[Opening AVAILABLE RECORDS section]

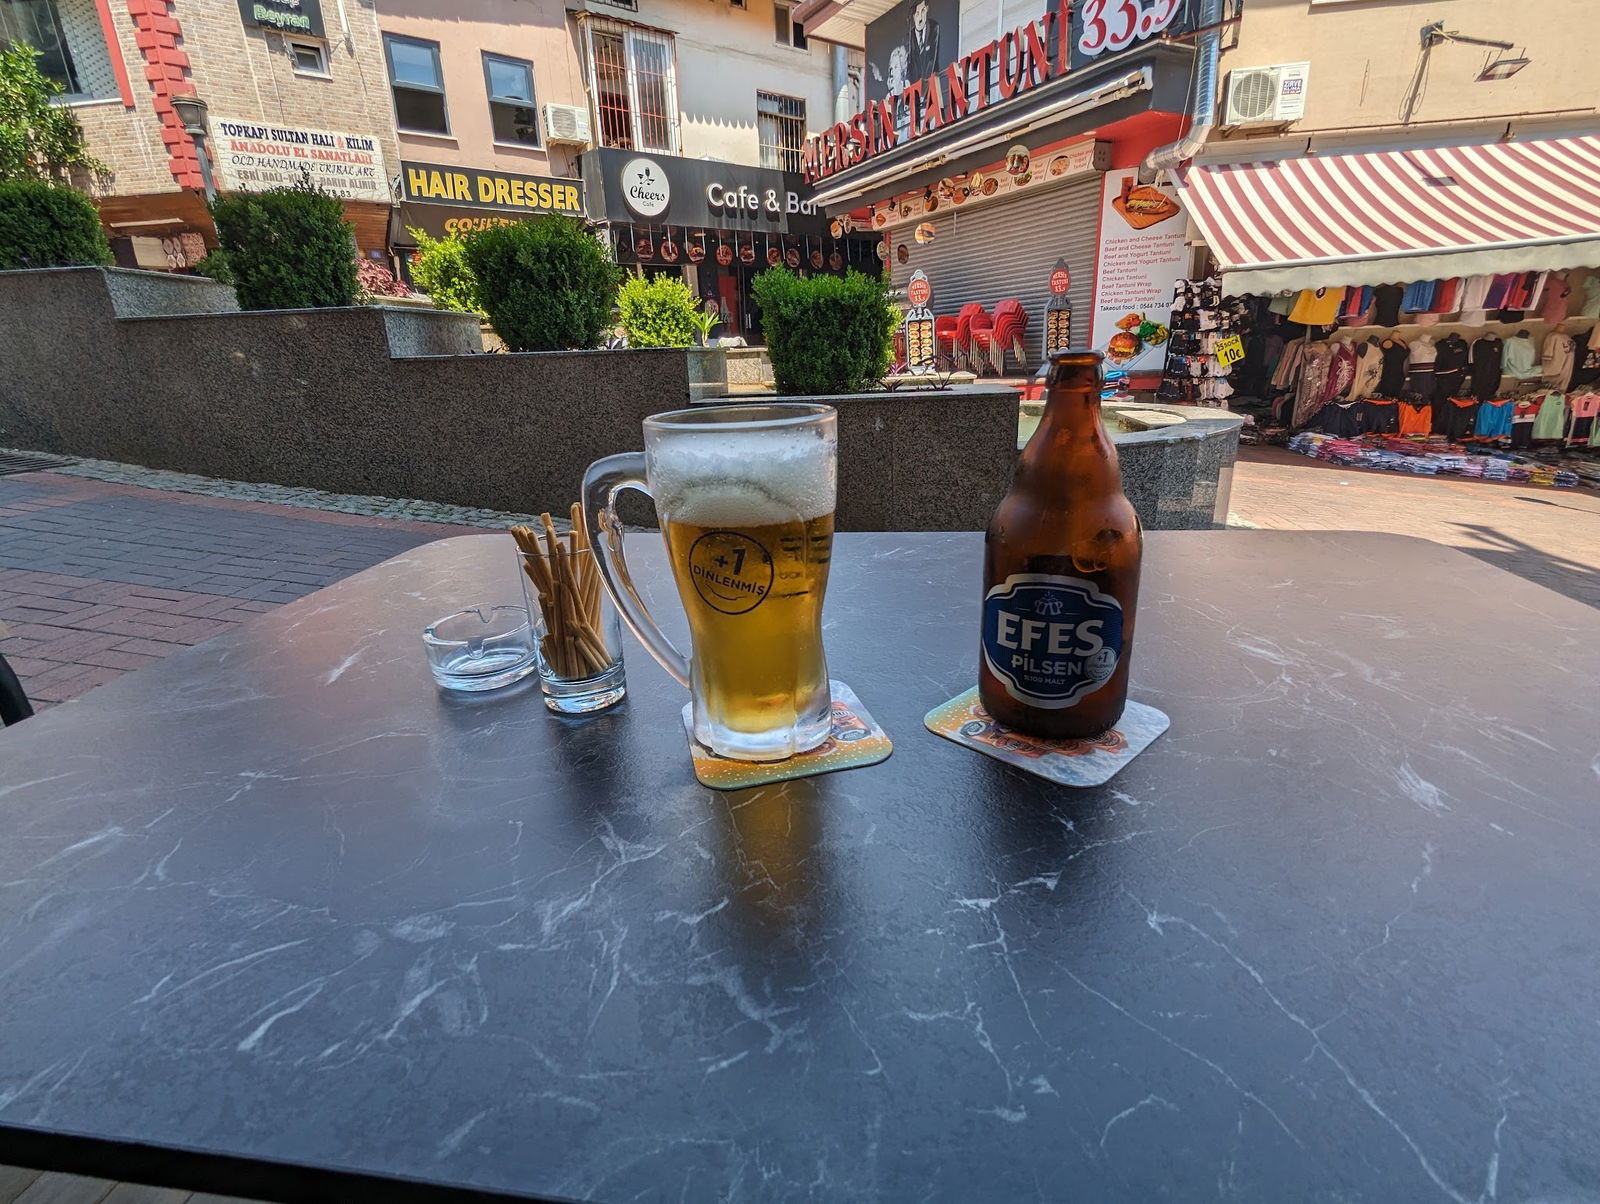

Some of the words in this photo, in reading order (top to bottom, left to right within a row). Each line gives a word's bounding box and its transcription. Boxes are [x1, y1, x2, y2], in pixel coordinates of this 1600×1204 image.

[221, 123, 269, 140] TOPKAPI
[271, 129, 309, 144] SULTAN
[311, 133, 335, 147] HALI
[345, 134, 374, 151] KİLİM
[230, 140, 290, 156] ANADOLU
[293, 146, 308, 158] EL
[311, 149, 373, 165] SANATLARI
[232, 155, 254, 165] OLD
[320, 163, 354, 175] TRIBAL
[356, 168, 375, 177] ART
[407, 168, 473, 201] HAIR
[477, 175, 581, 211] DRESSER
[630, 185, 666, 202] Cheers
[706, 182, 759, 210] Cafe
[766, 189, 780, 212] &
[786, 191, 820, 216] Bar
[1130, 250, 1149, 258] Yogurt
[1140, 257, 1158, 265] Yogurt
[1113, 297, 1133, 305] Burger
[693, 564, 765, 597] DİNLENMİŞ
[996, 610, 1104, 657] EFES
[1011, 653, 1082, 676] PİLSEN
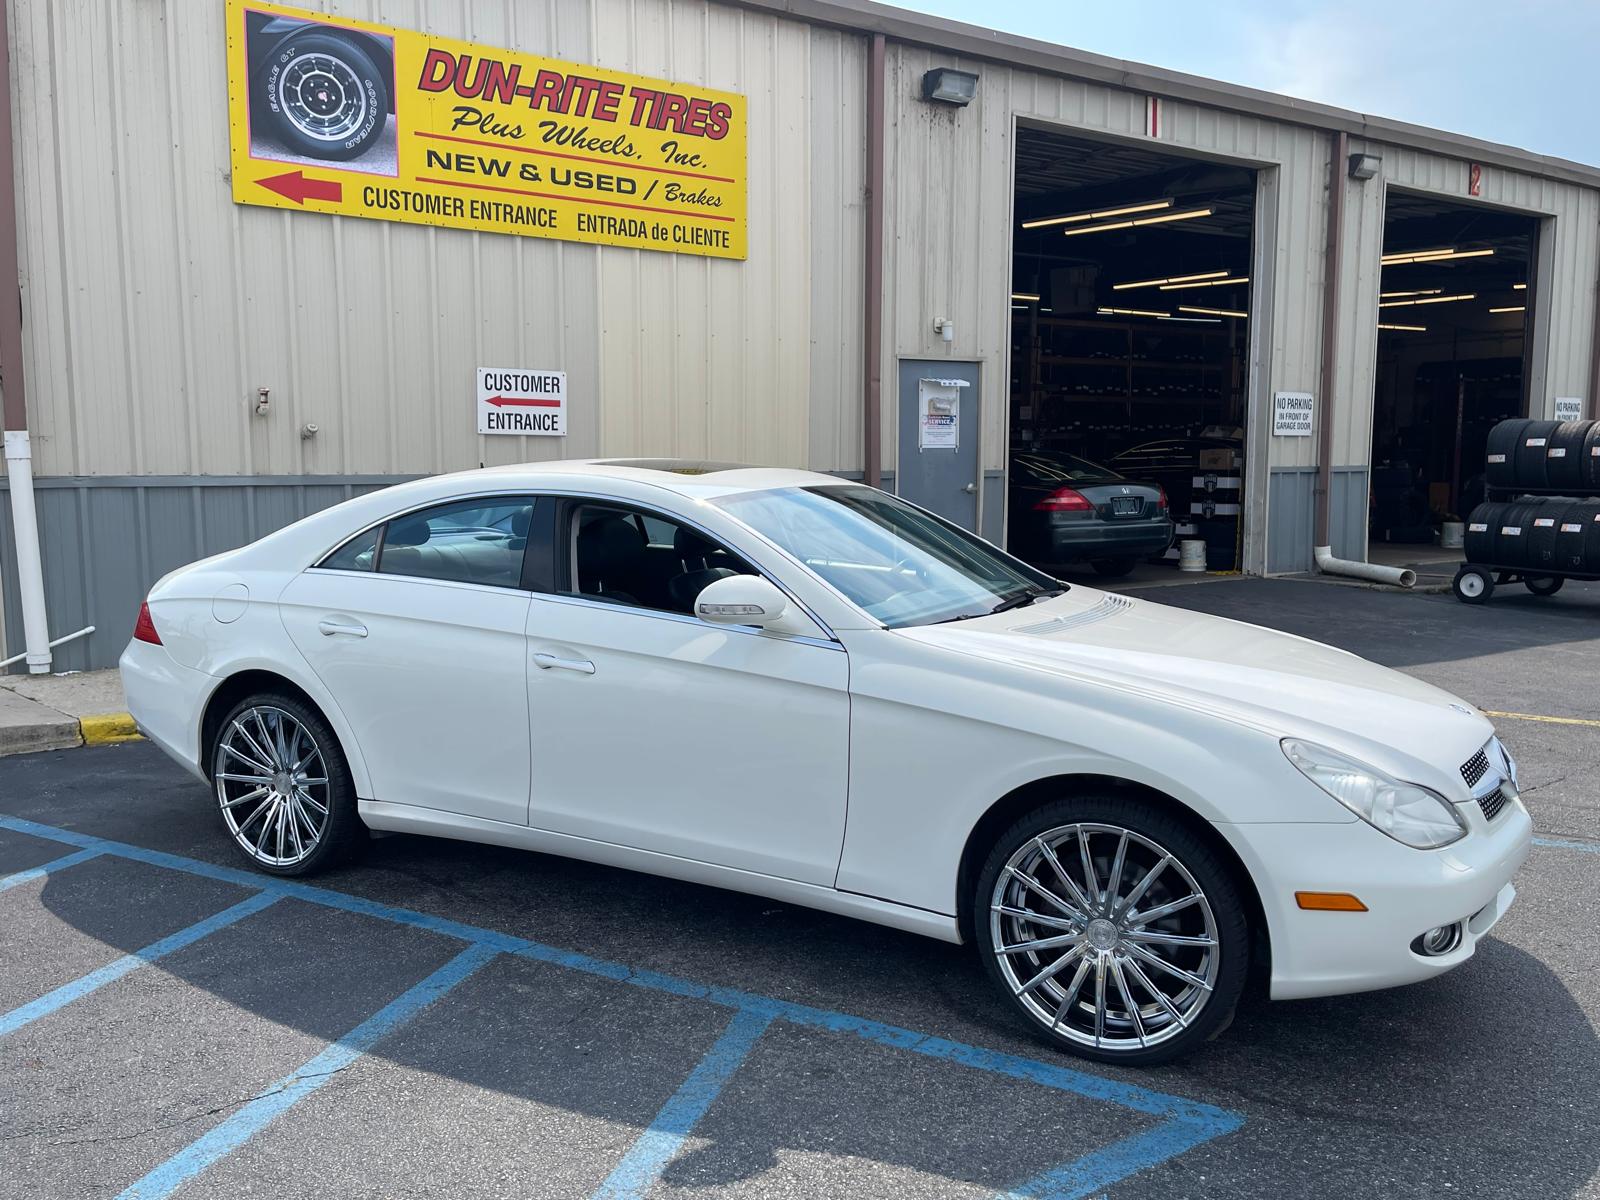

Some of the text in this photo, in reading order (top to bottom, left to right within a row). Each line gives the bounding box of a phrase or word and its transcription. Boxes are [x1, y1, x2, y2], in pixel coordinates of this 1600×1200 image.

[268, 47, 295, 112] EAGLE GT
[417, 48, 732, 140] DUN-RITE TIRES
[345, 80, 377, 148] GOODYEAR
[451, 106, 526, 139] Plus
[661, 140, 708, 169] Inc.
[427, 149, 723, 208] NEW & USED / Brakes
[1472, 163, 1480, 196] 2
[363, 186, 557, 228] CUSTOMER ENTRANCE
[577, 213, 729, 248] ENTRADA de CLIENTE
[484, 373, 560, 393] CUSTOMER
[487, 412, 559, 431] ENTRANCE
[1277, 398, 1312, 410] NO PARKING
[1286, 413, 1301, 421] FRONT

[Closing AVAILABLE RECORDS section]

■ **ASSIGNMENT**: From the material above, output every line exactly as written, dropping any picture.

■ **RESULT OF THE TASK**:
Some of the words in this photo, in reading order (top to bottom, left to right within a row). Each line gives a word's bounding box and its transcription. Boxes are [x1, y1, x2, y2], in pixel coordinates of this 1600×1204 image.

[221, 123, 269, 140] TOPKAPI
[271, 129, 309, 144] SULTAN
[311, 133, 335, 147] HALI
[345, 134, 374, 151] KİLİM
[230, 140, 290, 156] ANADOLU
[293, 146, 308, 158] EL
[311, 149, 373, 165] SANATLARI
[232, 155, 254, 165] OLD
[320, 163, 354, 175] TRIBAL
[356, 168, 375, 177] ART
[407, 168, 473, 201] HAIR
[477, 175, 581, 211] DRESSER
[630, 185, 666, 202] Cheers
[706, 182, 759, 210] Cafe
[766, 189, 780, 212] &
[786, 191, 820, 216] Bar
[1130, 250, 1149, 258] Yogurt
[1140, 257, 1158, 265] Yogurt
[1113, 297, 1133, 305] Burger
[693, 564, 765, 597] DİNLENMİŞ
[996, 610, 1104, 657] EFES
[1011, 653, 1082, 676] PİLSEN

Some of the text in this photo, in reading order (top to bottom, left to right within a row). Each line gives the bounding box of a phrase or word and its transcription. Boxes are [x1, y1, x2, y2], in pixel coordinates of this 1600×1200 image.

[268, 47, 295, 112] EAGLE GT
[417, 48, 732, 140] DUN-RITE TIRES
[345, 80, 377, 148] GOODYEAR
[451, 106, 526, 139] Plus
[661, 140, 708, 169] Inc.
[427, 149, 723, 208] NEW & USED / Brakes
[1472, 163, 1480, 196] 2
[363, 186, 557, 228] CUSTOMER ENTRANCE
[577, 213, 729, 248] ENTRADA de CLIENTE
[484, 373, 560, 393] CUSTOMER
[487, 412, 559, 431] ENTRANCE
[1277, 398, 1312, 410] NO PARKING
[1286, 413, 1301, 421] FRONT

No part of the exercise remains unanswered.